Images, color, motion and sound provide the 'sparkle' to websites, for the simple reason that the web is an audiovisual medium. No matter how interesting the content may be on a web page, without some visual 'diversion', reading a page of plain text is not only boring, but also tiring to the reader. Photographs and illustrations or other artwork break up that monotony and make your pages exciting to the person viewing your site.
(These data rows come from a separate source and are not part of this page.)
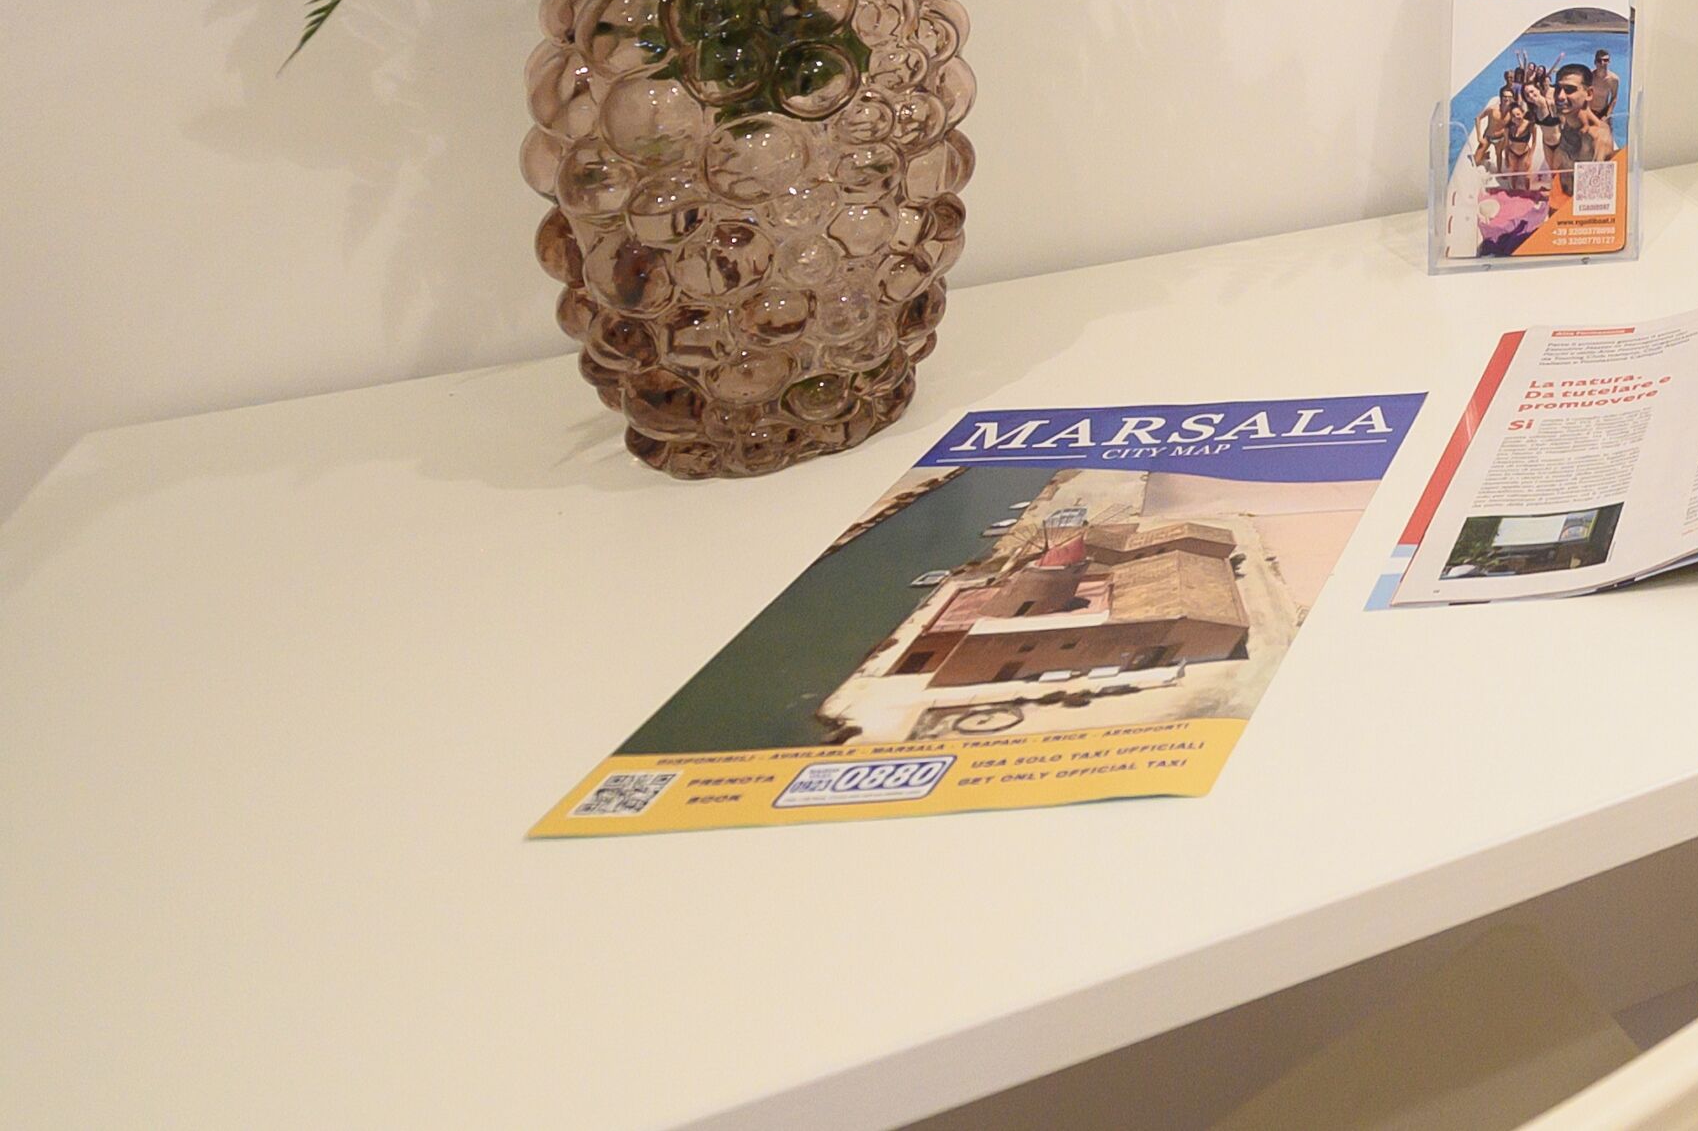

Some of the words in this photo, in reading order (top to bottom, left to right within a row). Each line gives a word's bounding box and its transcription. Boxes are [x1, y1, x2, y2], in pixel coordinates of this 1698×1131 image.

[1524, 390, 1555, 399] Da
[1561, 380, 1654, 398] tutelare
[1658, 375, 1672, 384] e
[1528, 380, 1555, 389] La
[1518, 389, 1659, 413] promuovere
[949, 405, 1394, 452] MARSALA
[1507, 419, 1535, 431] Si
[1101, 447, 1167, 461] CITY
[1169, 443, 1232, 457] MAP
[769, 749, 857, 760] AVAILABLE
[871, 744, 946, 754] MARSALA
[962, 738, 1028, 749] TRAPANI
[1042, 733, 1088, 743] ERICE
[1102, 723, 1190, 738] AEROPORTI
[971, 758, 1007, 769] USA
[1014, 754, 1063, 766] SOLO
[1070, 749, 1111, 761] TAXI
[1116, 741, 1205, 756] UFFICIALI
[687, 775, 776, 787] PRENOTA
[833, 761, 946, 792] 0880
[958, 775, 995, 787] GET
[1001, 771, 1050, 784] ONLY
[1055, 762, 1137, 779] OFFICIAL
[1147, 758, 1188, 768] TAXI
[686, 794, 743, 805] BOOK
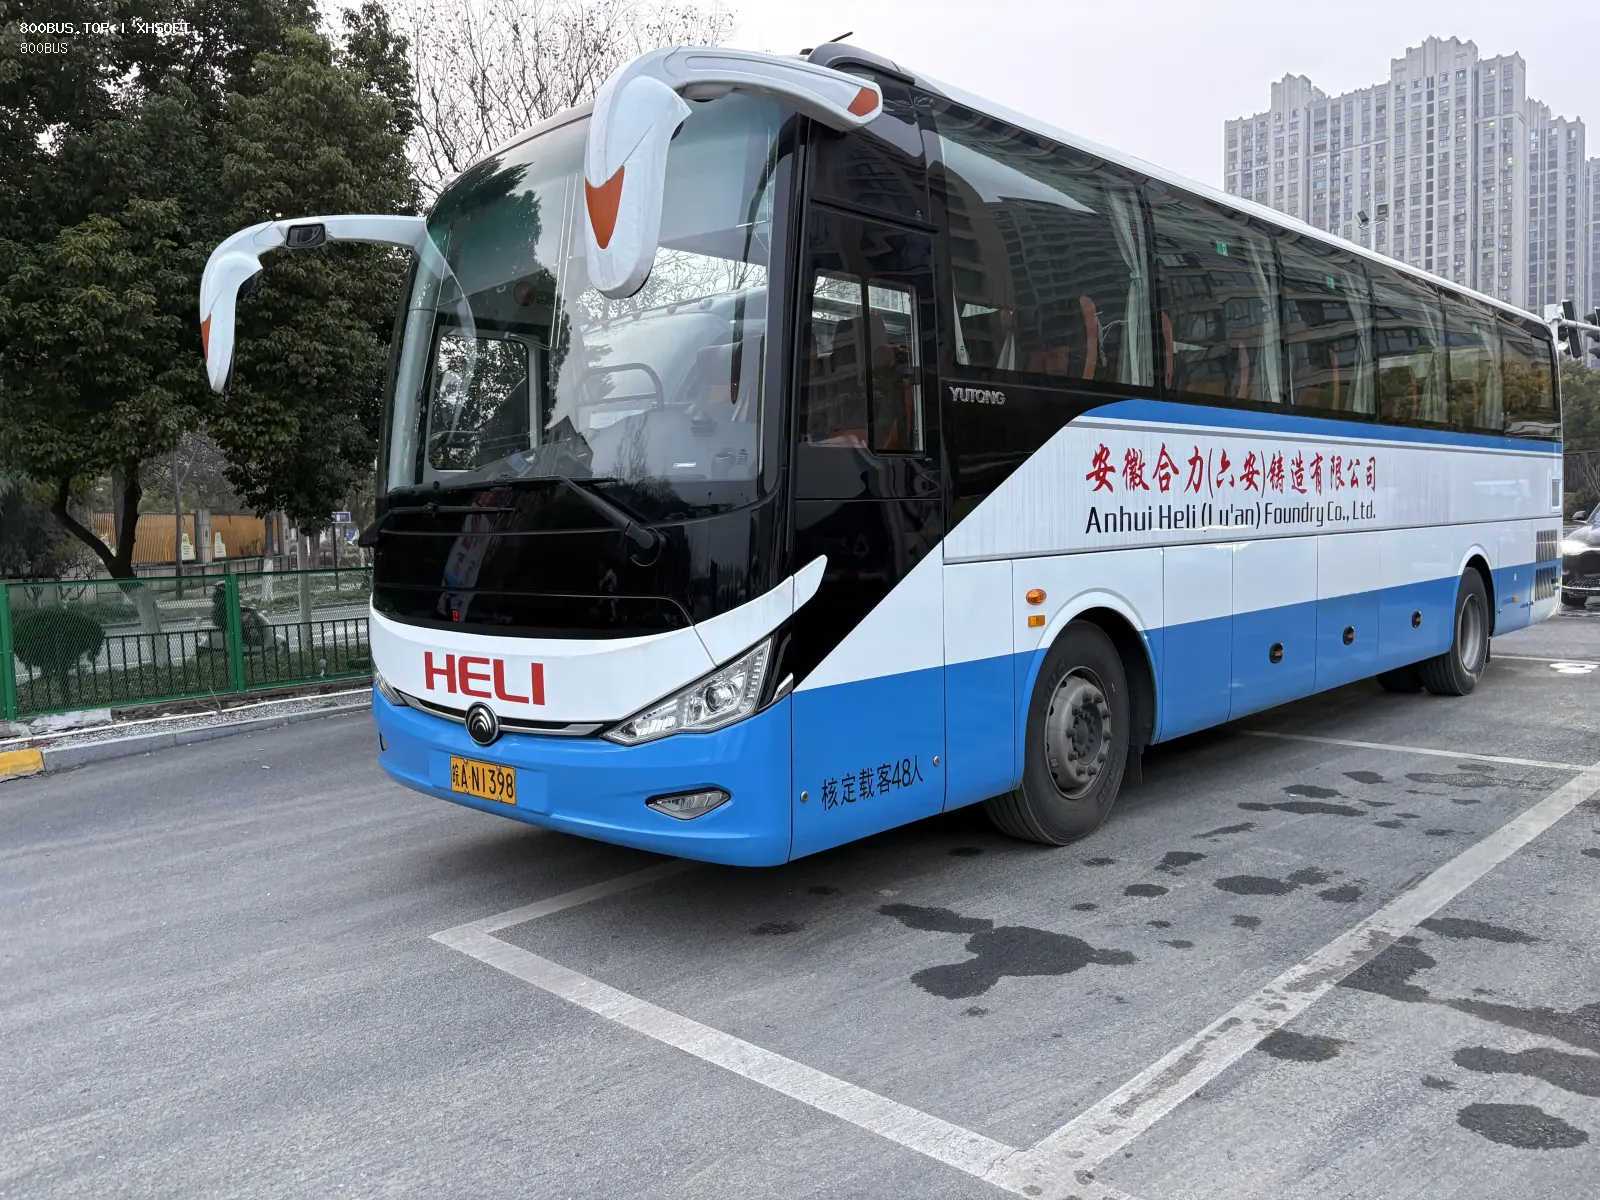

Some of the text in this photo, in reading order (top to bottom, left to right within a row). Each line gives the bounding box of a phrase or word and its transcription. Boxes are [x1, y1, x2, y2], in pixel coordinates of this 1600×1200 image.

[948, 386, 1006, 405] YUTONG
[1085, 505, 1152, 534] Anhui
[1159, 504, 1196, 530] Heli
[1264, 502, 1324, 527] Foundry
[1327, 501, 1350, 523] Co.,
[1352, 500, 1376, 520] Ltd.
[424, 651, 546, 706] HELI
[821, 754, 924, 811] 核定载客48人
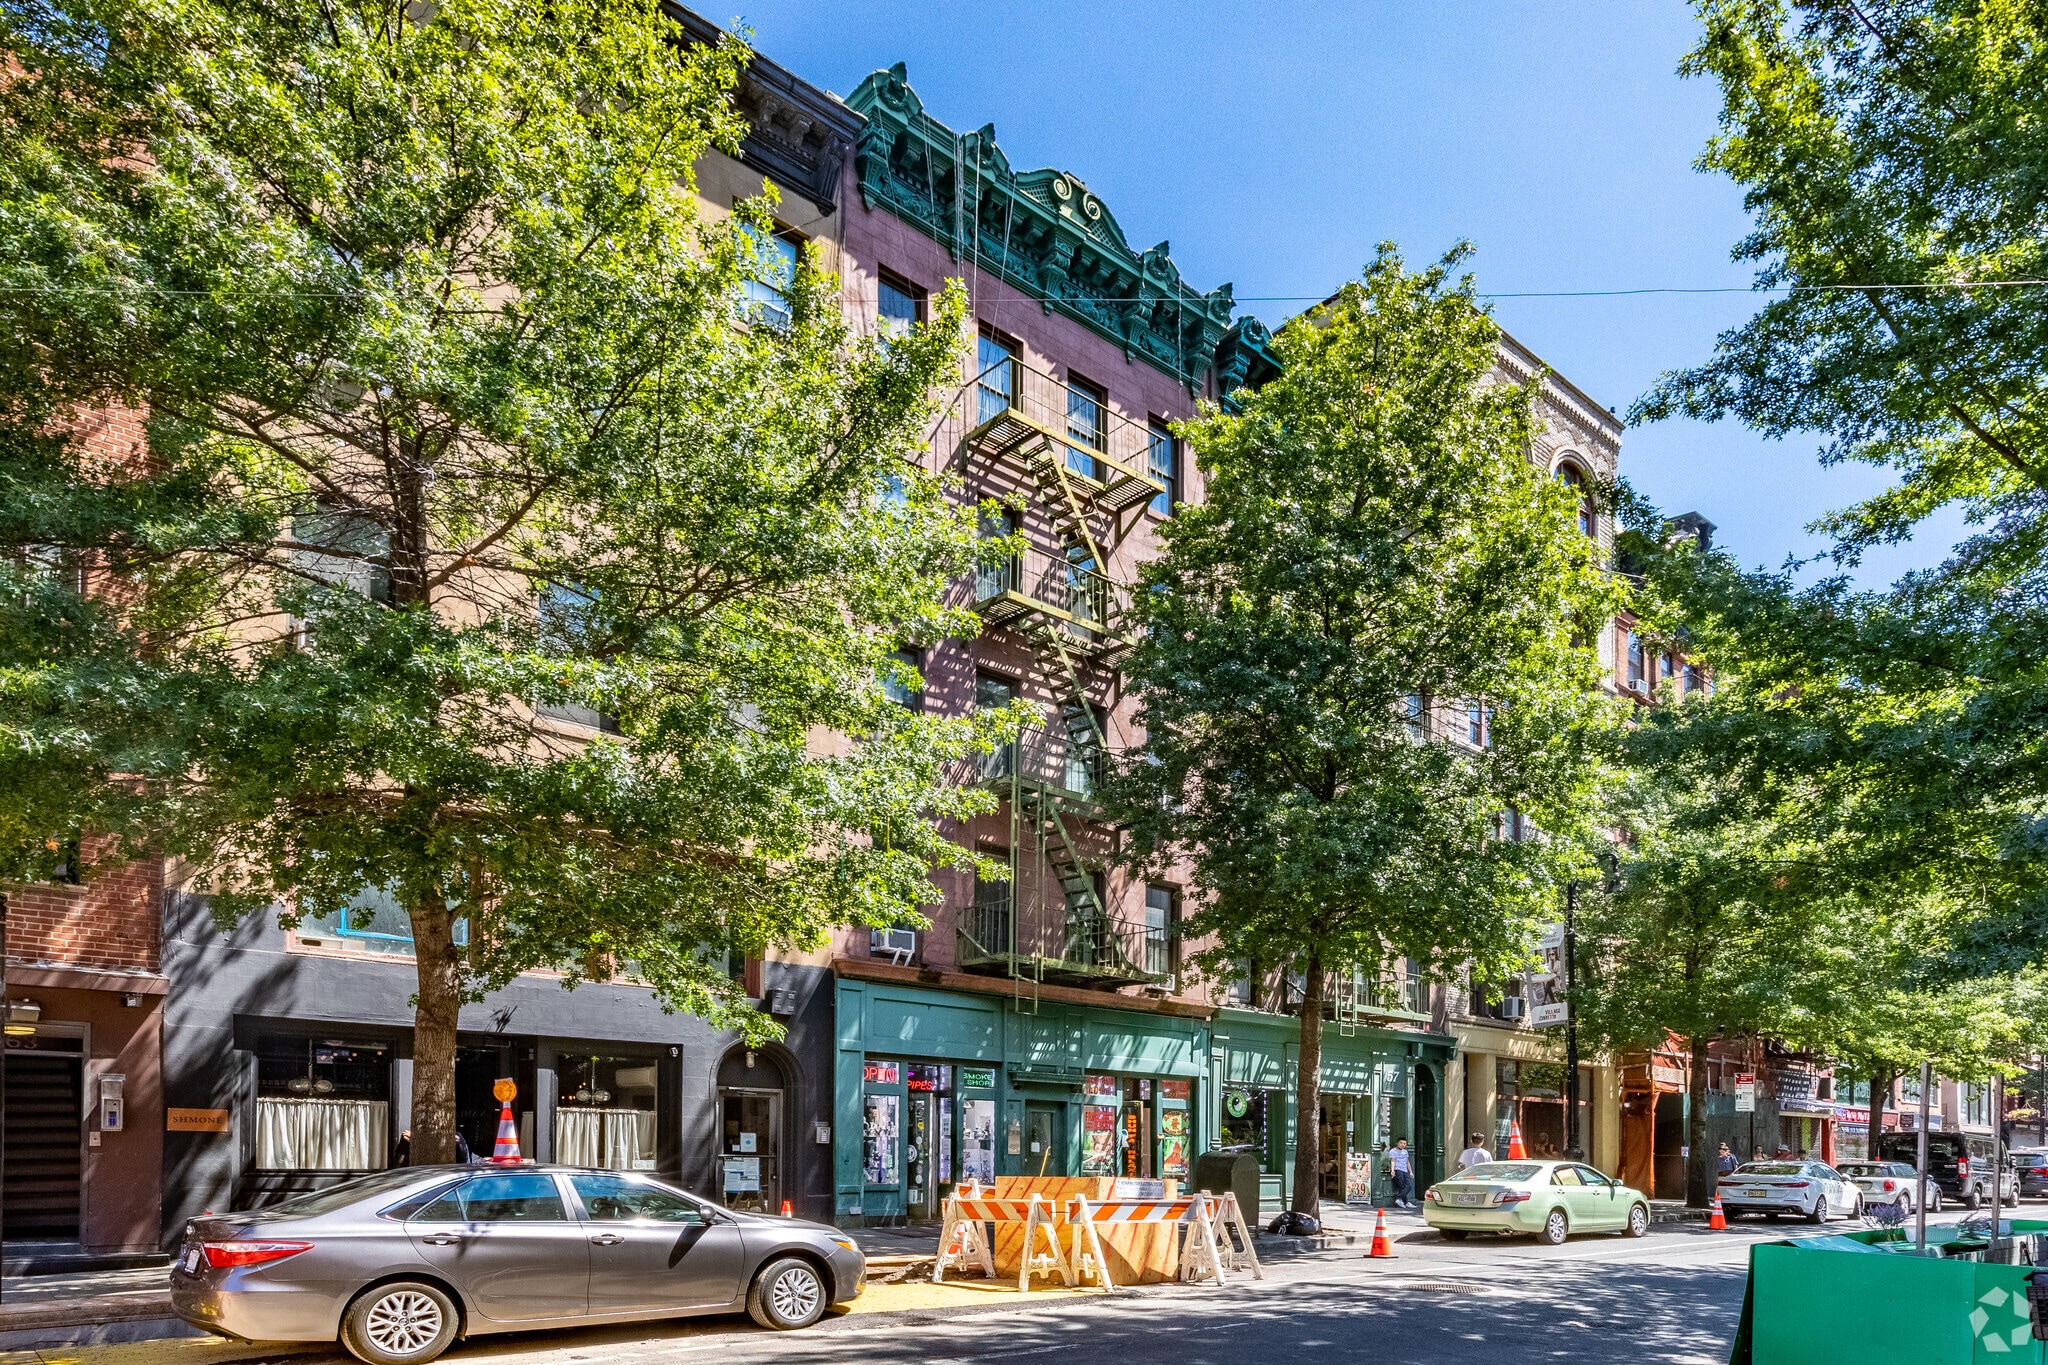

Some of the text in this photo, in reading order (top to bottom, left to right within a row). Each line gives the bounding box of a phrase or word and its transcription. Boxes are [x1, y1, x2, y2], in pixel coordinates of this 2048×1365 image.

Unfortunately, the use of images (or sound, java effects, etc...) comes with a 'price'-- pictures, video, audio, and effects have large file sizes which can take a long time to load. The viewer has to wait until the entire file loads before they can go further. Many people just don't want to wait. In research, it has been determined how 'impatient' the average 'net surfer' is-- they are a fickle lot, and will click off a page to another site rather than wait for a slow-loading page. The recommended download times for whole pages (including HTML code, images, other files...) are a function of the download speed. Since most folks use 28.8 and 56k modem speeds, here are the figures: your page should take no longer than 30 seconds to load at 28.8k, or 15 seconds at 56k. This translates to 50k of TOTAL file sizes. Obviously, if the HTML code on your page is 5k and you use three 20k images (total 65k), your page will take a bit longer than normal to load. No sweat. You can work around that by making sure that the top of your page has fast loading images, and possibly a paragraph of copy that takes a few moments to read. While they read the copy, the rest of the page is loading before they begin scrolling down. Pages that are 'image heavy' and are primarily 'picture pages' will invariably violate the 50k rule, but by being smart in your page design you can keep even the most impatient 'netsurfer' busy just long enough for the rest of your page to load. But if you expect to keep folks on your site waiting for 60k of java applets, 200k of real audio, and 500k of image files to load, you've got a serious problem with reality. :-)
Note: This entire HUGE page, complete with code, still images, and animation totaled only 103k.
With the advent of high-speed cable modems (ADSL, etc.), these numbers and limitations will seem silly within a year. To those of us who stay current with state-of-the-art systems, anyway... You're welcome to wait for 'everyone' to have the newer technologies..., but if you want to put a page up today, below are some real suggestions for working with images to keep their file sizes small and make your pages as fast-loading as possible. As a general rule when designing pages, I think clean and slick is the way to go for a 'money' site. The award-winners violate the good business rules with frames and piggy java junk, but the money-makers (Ford, Yahoo, Eve...) get right to the point with nice small graphics for sparkle, and a clean, b, simple design. It's the "KISS" rule (Keep It Simple, Stupid), and I'm a believer. Yahoo loads in 9 seconds-- something to aspire to. Use tables instead of frames, GIF animations instead of Java, midi instead of WAV sound, etc... I may touch on these other technologies throughout this piece, but I'm primarily an imagist, so I'll concentrate on what I know best...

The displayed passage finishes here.